Ilo Ilo Opens Fri., April 11 at Varsity. Not rated. 99 minutes.

Ilo Ilo

Opens Fri., April 11 at Varsity. 
Not rated. 99 minutes.

Nearly 10, Jiale is a nightmare of an only child: selfish, spoiled, ungrateful. His mother, a Singapore office clerk, is pregnant with baby number two, which may explain Jiale’s acting-out at home and school. His father is in sales until he’s not. It’s 1997, and Asia is plunging into economic crisis, which matters not a whit to Jiale, an obsessive student of lottery numbers, until his busy parents hire a Filipina live-in maid to care for the household and him. Suddenly there’s a new focus for this petulant boy (Koh Jia Ler): his vehement opposition to “Auntie Terry” (Angeli Bayani).

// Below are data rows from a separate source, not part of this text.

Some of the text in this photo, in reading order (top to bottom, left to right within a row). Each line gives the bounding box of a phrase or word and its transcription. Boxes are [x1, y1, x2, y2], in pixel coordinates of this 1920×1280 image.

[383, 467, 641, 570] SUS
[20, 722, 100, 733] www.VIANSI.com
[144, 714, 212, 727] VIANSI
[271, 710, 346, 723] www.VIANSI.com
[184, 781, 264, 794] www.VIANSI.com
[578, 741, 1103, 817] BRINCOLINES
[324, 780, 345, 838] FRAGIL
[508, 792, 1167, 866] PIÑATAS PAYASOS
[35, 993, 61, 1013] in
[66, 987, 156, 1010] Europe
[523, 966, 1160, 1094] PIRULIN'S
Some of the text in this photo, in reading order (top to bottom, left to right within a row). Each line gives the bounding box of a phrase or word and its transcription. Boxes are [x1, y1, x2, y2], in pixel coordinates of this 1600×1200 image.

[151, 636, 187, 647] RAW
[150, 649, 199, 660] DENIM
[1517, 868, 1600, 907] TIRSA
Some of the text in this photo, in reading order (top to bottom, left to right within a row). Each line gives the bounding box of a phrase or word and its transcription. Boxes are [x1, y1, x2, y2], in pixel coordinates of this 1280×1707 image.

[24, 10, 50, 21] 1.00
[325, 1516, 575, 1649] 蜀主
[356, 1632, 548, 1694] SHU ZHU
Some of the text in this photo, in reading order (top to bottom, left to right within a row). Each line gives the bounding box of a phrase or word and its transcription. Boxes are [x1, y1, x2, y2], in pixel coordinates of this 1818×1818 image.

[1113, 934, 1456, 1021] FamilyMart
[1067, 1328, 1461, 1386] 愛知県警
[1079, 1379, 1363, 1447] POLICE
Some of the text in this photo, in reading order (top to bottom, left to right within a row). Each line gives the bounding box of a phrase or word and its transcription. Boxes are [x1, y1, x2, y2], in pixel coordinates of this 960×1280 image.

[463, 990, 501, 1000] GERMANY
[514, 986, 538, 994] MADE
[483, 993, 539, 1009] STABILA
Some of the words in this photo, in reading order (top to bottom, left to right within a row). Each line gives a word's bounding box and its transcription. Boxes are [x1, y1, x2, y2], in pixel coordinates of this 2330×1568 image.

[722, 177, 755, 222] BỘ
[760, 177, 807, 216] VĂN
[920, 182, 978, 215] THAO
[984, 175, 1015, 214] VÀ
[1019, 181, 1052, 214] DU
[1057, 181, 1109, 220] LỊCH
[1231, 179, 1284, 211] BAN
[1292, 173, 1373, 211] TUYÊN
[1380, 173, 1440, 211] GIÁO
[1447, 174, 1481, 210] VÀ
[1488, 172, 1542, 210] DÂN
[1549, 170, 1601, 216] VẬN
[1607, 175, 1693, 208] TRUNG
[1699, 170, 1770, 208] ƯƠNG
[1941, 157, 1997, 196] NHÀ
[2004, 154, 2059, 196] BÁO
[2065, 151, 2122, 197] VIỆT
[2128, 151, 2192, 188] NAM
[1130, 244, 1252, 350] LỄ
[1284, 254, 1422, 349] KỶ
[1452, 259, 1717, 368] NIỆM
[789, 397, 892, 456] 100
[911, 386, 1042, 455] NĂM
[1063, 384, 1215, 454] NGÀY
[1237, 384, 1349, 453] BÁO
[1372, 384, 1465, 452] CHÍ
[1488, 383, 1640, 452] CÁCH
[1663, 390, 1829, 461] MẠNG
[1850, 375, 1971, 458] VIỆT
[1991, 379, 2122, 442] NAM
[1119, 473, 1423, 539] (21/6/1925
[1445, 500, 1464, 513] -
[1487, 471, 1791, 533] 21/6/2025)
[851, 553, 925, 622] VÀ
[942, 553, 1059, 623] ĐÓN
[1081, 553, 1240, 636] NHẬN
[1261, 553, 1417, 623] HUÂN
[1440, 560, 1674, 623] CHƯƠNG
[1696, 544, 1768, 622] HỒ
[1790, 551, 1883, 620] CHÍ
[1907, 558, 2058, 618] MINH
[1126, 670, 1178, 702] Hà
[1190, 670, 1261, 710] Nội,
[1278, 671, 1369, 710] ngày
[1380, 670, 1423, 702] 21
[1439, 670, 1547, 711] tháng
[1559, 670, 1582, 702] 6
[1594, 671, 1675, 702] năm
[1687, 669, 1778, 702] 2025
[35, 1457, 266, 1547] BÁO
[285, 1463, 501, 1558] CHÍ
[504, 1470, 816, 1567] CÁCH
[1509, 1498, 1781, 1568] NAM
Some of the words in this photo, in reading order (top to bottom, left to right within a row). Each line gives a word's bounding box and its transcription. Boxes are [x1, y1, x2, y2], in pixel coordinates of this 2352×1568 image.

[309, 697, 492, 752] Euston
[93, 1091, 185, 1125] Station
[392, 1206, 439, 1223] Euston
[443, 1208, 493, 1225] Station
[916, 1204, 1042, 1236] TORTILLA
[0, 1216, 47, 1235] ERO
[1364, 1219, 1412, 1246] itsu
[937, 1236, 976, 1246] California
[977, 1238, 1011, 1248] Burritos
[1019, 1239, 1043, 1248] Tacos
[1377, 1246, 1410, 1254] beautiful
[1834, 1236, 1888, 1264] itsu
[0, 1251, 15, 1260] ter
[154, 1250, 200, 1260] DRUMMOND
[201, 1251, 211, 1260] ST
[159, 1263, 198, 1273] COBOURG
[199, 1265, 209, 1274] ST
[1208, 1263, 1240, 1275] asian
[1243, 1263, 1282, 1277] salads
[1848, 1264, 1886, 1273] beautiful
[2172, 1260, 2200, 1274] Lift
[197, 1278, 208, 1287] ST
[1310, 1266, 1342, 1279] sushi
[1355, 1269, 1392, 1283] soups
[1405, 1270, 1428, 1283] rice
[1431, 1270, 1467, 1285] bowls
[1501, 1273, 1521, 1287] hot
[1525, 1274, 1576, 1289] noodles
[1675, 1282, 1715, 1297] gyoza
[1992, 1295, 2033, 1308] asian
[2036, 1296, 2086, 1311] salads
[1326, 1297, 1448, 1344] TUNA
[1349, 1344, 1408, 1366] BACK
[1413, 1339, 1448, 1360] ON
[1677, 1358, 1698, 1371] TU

Anthony Chen’s worthwhile drama (his debut) makes Jiale neither unbearably horrid or, when patient Teresa finally wins him over, unbearably cute. He’s just another self-absorbed kid who can’t understand how the globalized economy is making pawns not just of Teresa but his parents, too. The script is based on Chen’s own experience with a Filipina nanny, and we see how an ethnic and religious outsider is gradually drawn into the intimate rituals of a Chinese home. (Dad wanders around obliviously in his tighty-whities until Teresa giggles.) The Lim family and their servant communicate in English (with subtitles), and this peculiar mixing of cultures points to Chen’s larger point—the economic interdependency of Asia, with its close proximity of cheap labor and wealthy cities. Even as we watch the Lims slipping out of their middle-class bubble, we also learn from Teresa’s pay-phone calls that she has family back home. She works abroad and surrenders her passport because she must; and Jiale’s father is soon also forced beneath his station.

That Ilo Ilo—a childish transliteration of Iloilo province in the Philippines—is set 10 years before the global financial crisis gives it a small, sad, prophetic power. Think of all the Mexican migrants ebbing across our border, the Eastern Europeans doing menial work in the West, the desperate Africans drowning in the Mediterranean. Teresa is a member of the same bottomless sea of unskilled workers that sloshes around the planet.